Same recommendation across grok and most reasoning models. If your orchestrator can't safely interleave reasoning with parallel tool execution, the safe default is sequential.

**Verify**: trace a multi-tool turn with parallel enabled. If results return in non-call order or one tool gets serialized, the feature is unreliable for your workload.

## 11. Rate-card miscost — adapter must split cache-hit vs cache-miss

**Symptom**: `hub_agent_budget.cost_usd` for a DeepSeek pod is 2-5× the actual DeepSeek billing console number.

**Cause**: DeepSeek bills input tokens at one rate when cached (`prompt_cache_hit_tokens`) and another when uncached (`prompt_cache_miss_tokens`). Adapters that lump all input tokens at the cache-miss rate over-bill by the cached fraction. Reasoning tokens bill at the OUTPUT rate (DeepSeek bundles them into `completion_tokens` for accounting).

**Fix**:

```go
func costFromUsage(u Usage) float64 {
    // V4-Flash rates (calibrated 2026-05-16 against billing console):
    const (
        inputMiss  = 0.28 / 1e6
        inputHit   = 0.028 / 1e6
        output     = 1.10 / 1e6
    )
    cost := float64(u.PromptCacheMissTokens) * inputMiss
    cost += float64(u.PromptCacheHitTokens) * inputHit
    cost += float64(u.CompletionTokens) * output  // includes reasoning_tokens
    return cost
}
```

If the response omits the cache split (older response shape), treat all input as cache-miss — upper-bounds the cost.

**Verify**: compare 24h of your tracker's cost number against the DeepSeek billing console. If your tracker > console by >2×, the split is wrong.

## Bonus: pricing summary

| Model | Input (miss) | Input (hit) | Output | Notes |
|---|---|---|---|---|
| V4-Pro | $1.74/M | n/a | $3.48/M | 75% off until 2026-05-31: $0.435/$0.87 |
| V4-Flash | $0.28/M | $0.028/M | $1.10/M | No discount; permanent |

## Common Mistakes

**Treating V4-Pro and V4-Flash as one model with different latency.** They are different tools for different jobs. Pro for plan-then-execute heavy work; Flash + d4-rich for cheap tier-2 fixes. Routing by tier captures both wins.

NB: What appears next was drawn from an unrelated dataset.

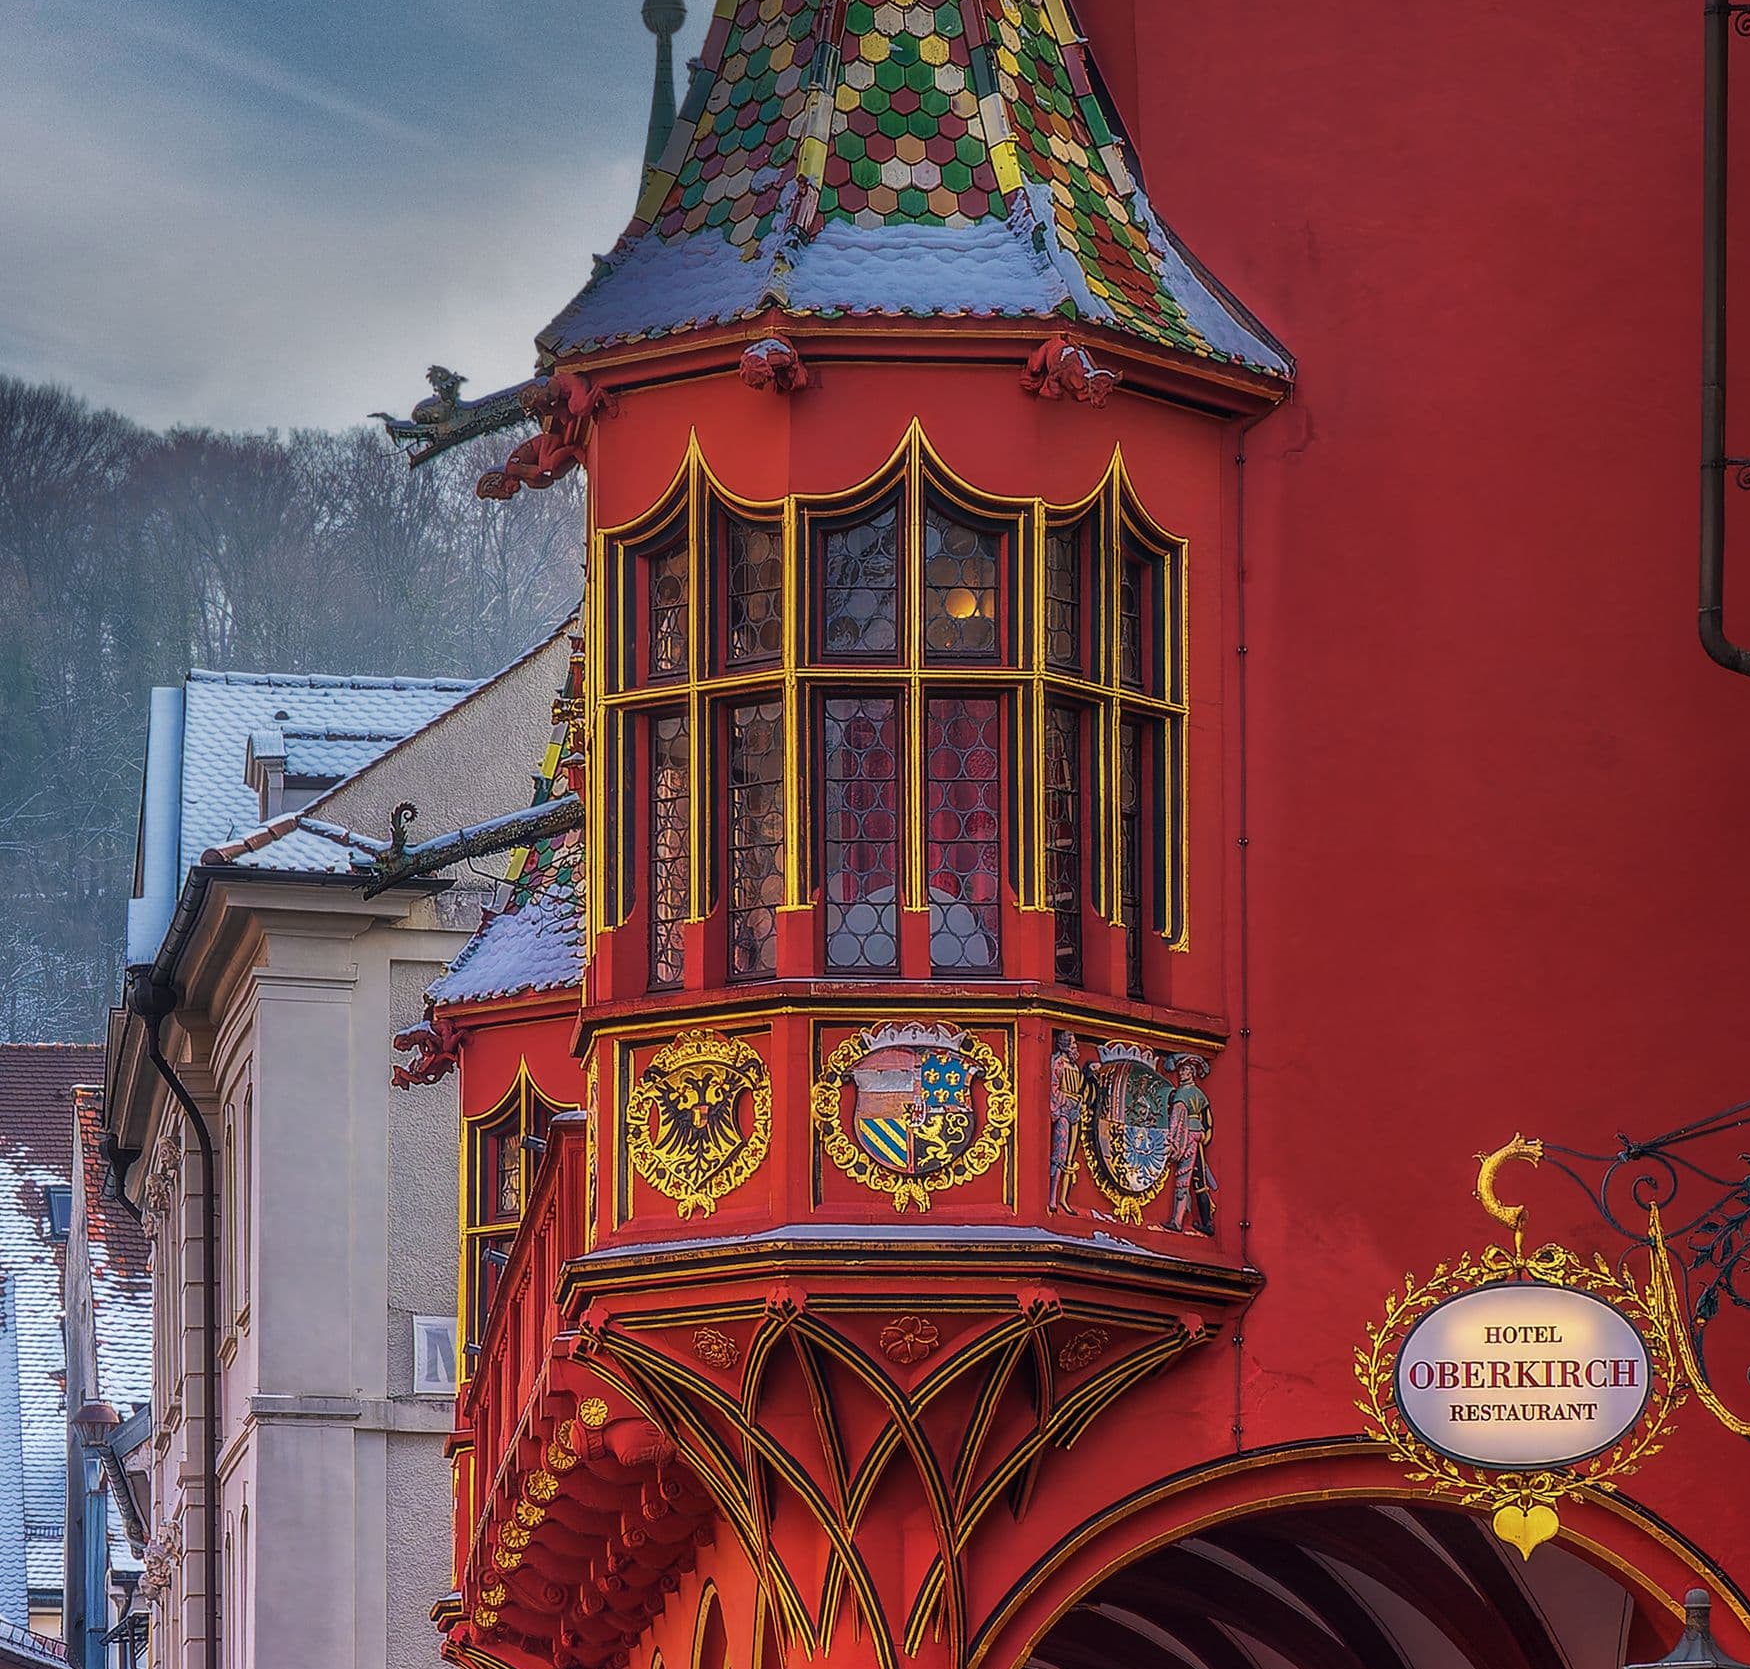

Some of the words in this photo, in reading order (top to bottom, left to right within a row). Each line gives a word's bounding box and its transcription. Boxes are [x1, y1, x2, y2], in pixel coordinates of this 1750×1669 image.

[1483, 1325, 1563, 1345] HOTEL
[1408, 1358, 1639, 1390] OBERKIRCH
[1448, 1402, 1598, 1422] RESTAURANT
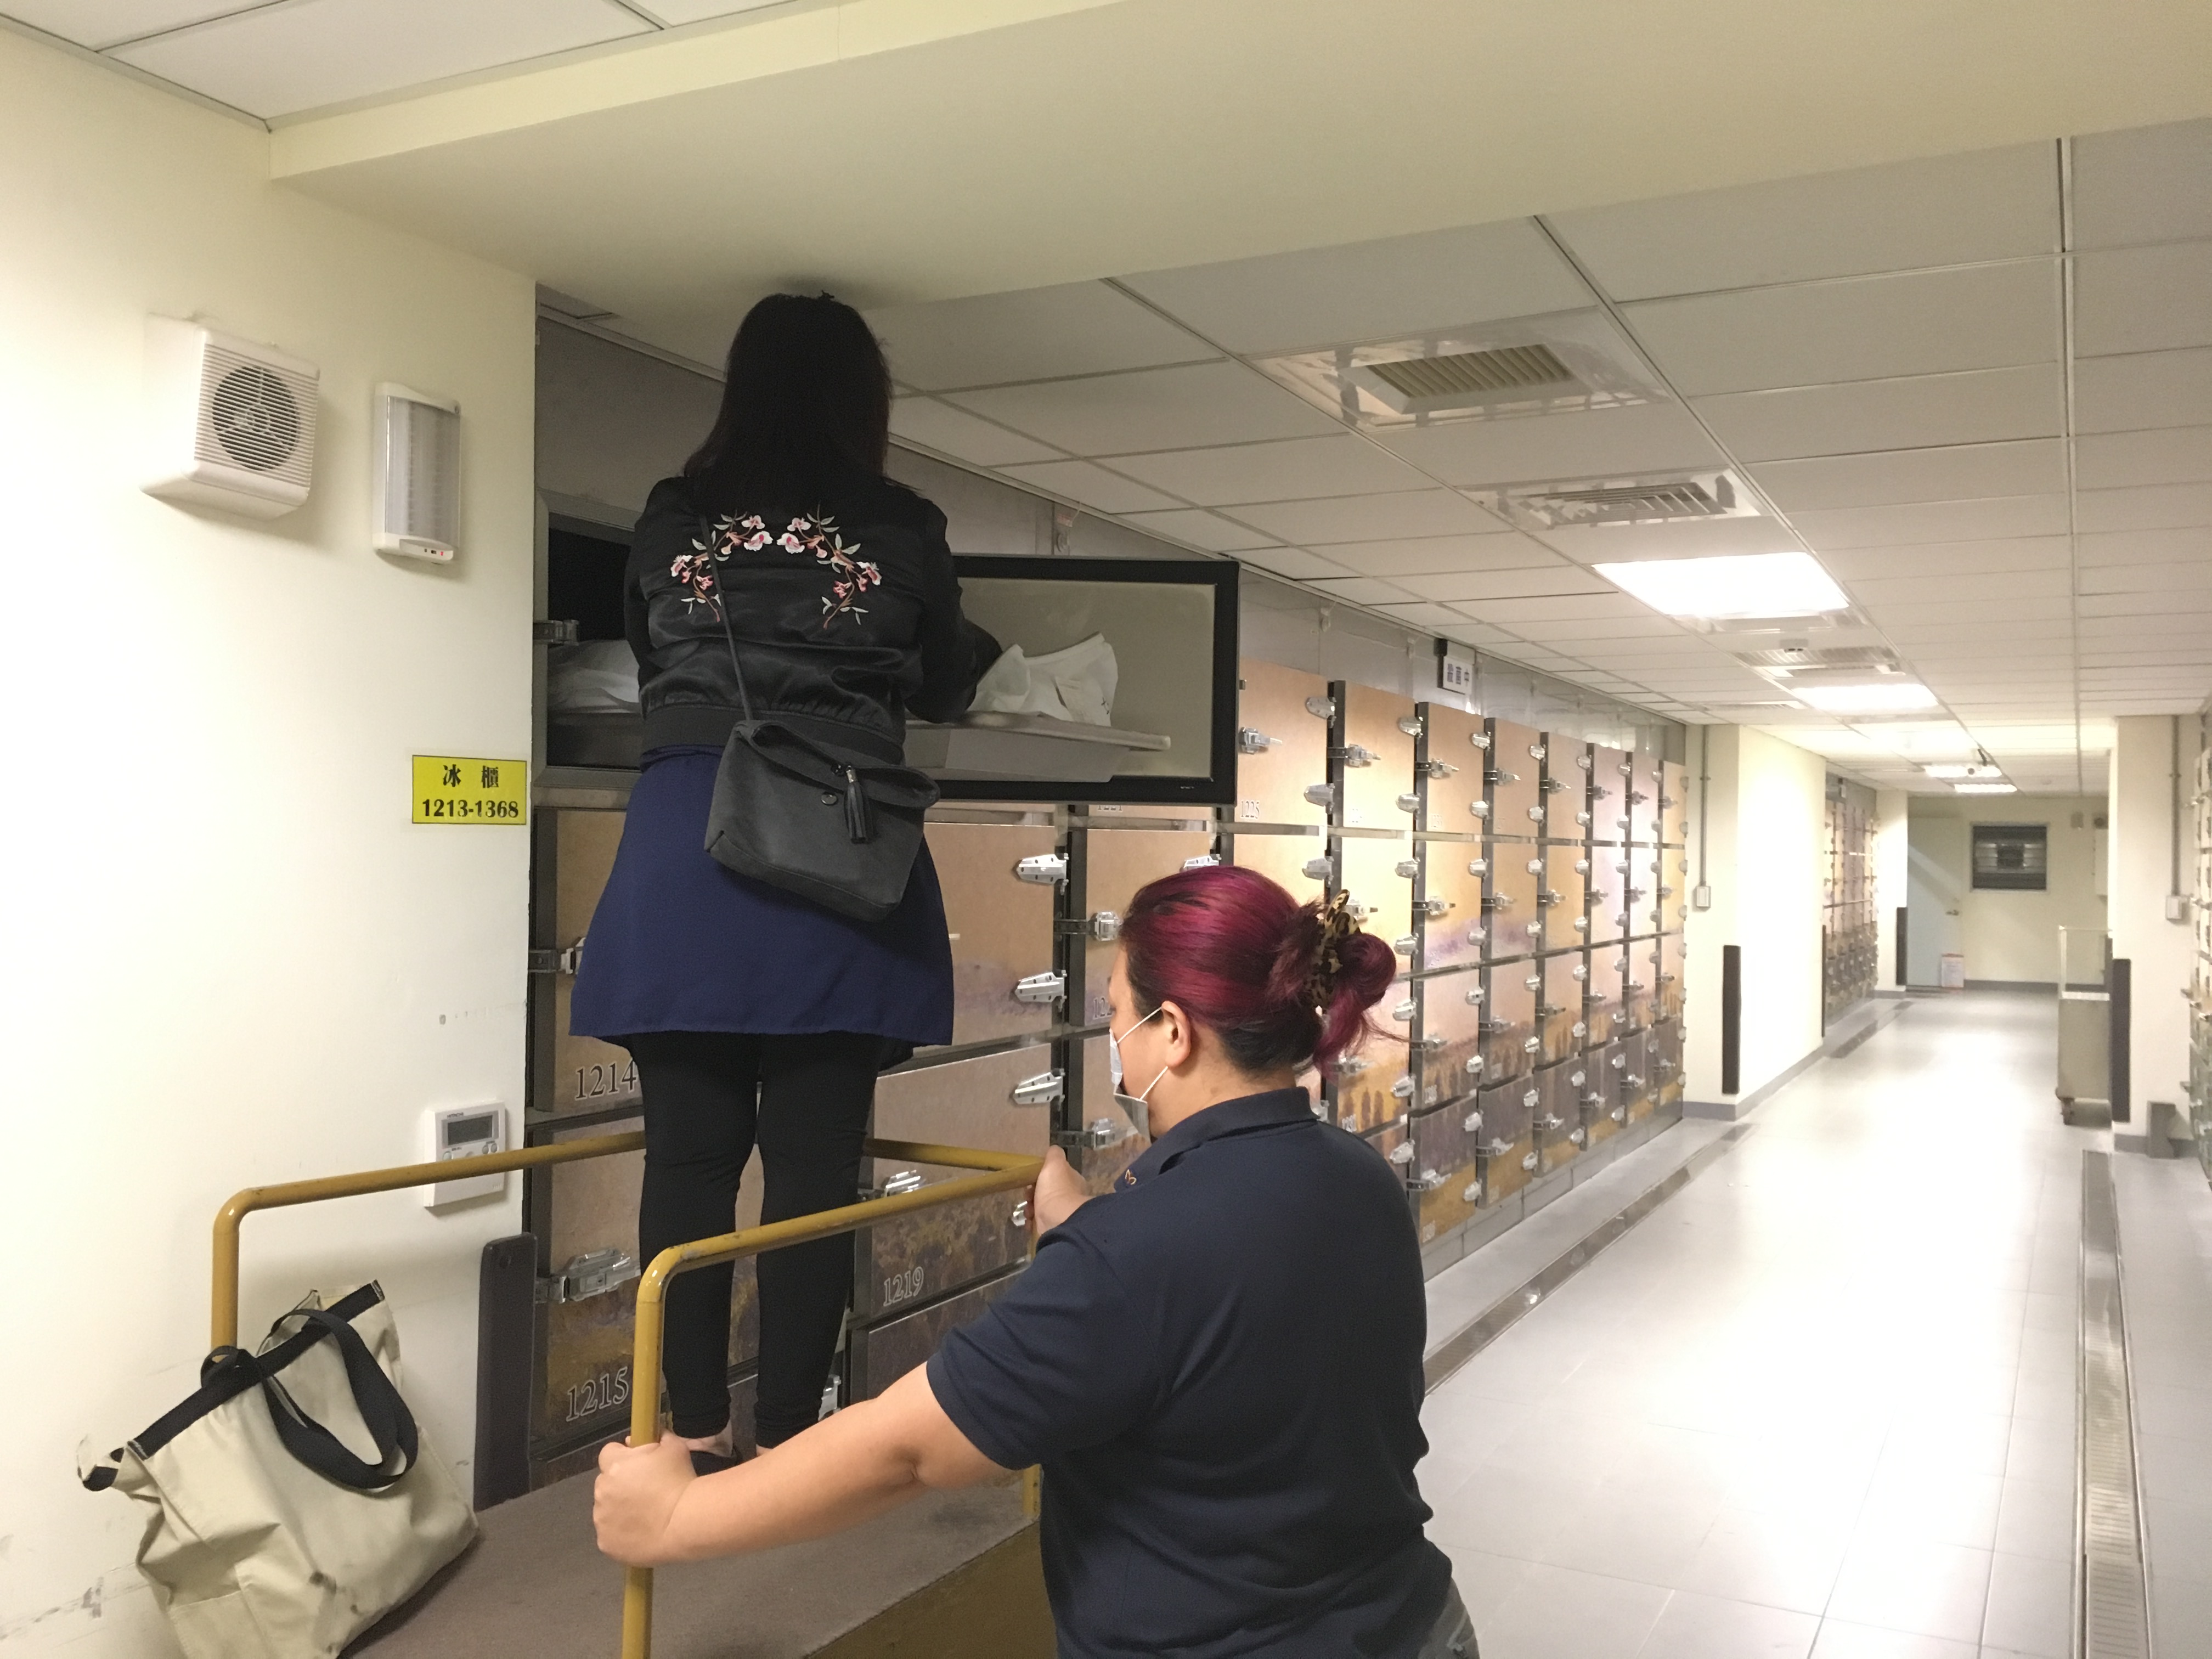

**Trusting DeepSeek's self-report that reasoning_content echo is "harmful".** Matrix cell `dr-echo-drop` rejected at 0/3 / $0.00. The four external sources (Cline, RooCode, Continue.dev, the API docs themselves) were right; the model's introspection was wrong.

**Stacking community advice without testing.** Three commonly-recommended levers (`reasoning_effort: max`, `strict_tools: true`, `prompt-rich` on Pro) ALL regressed quality in the matrix. The DeepSeek-Pro baseline is already well-tuned; every variant beat it on cost, none beat it on pass rate.

**Budgeting at today's V4-Pro rate forever.** The 4× cliff on 2026-06-01 surprises cost models that don't encode the date. Encode it.

**Ignoring the cache-hit/miss split when computing cost.** Adapters that bill all input as cache-miss over-bill by 2-5× on workloads with stable system prompts. Use the per-token split from `usage`, not a single rate.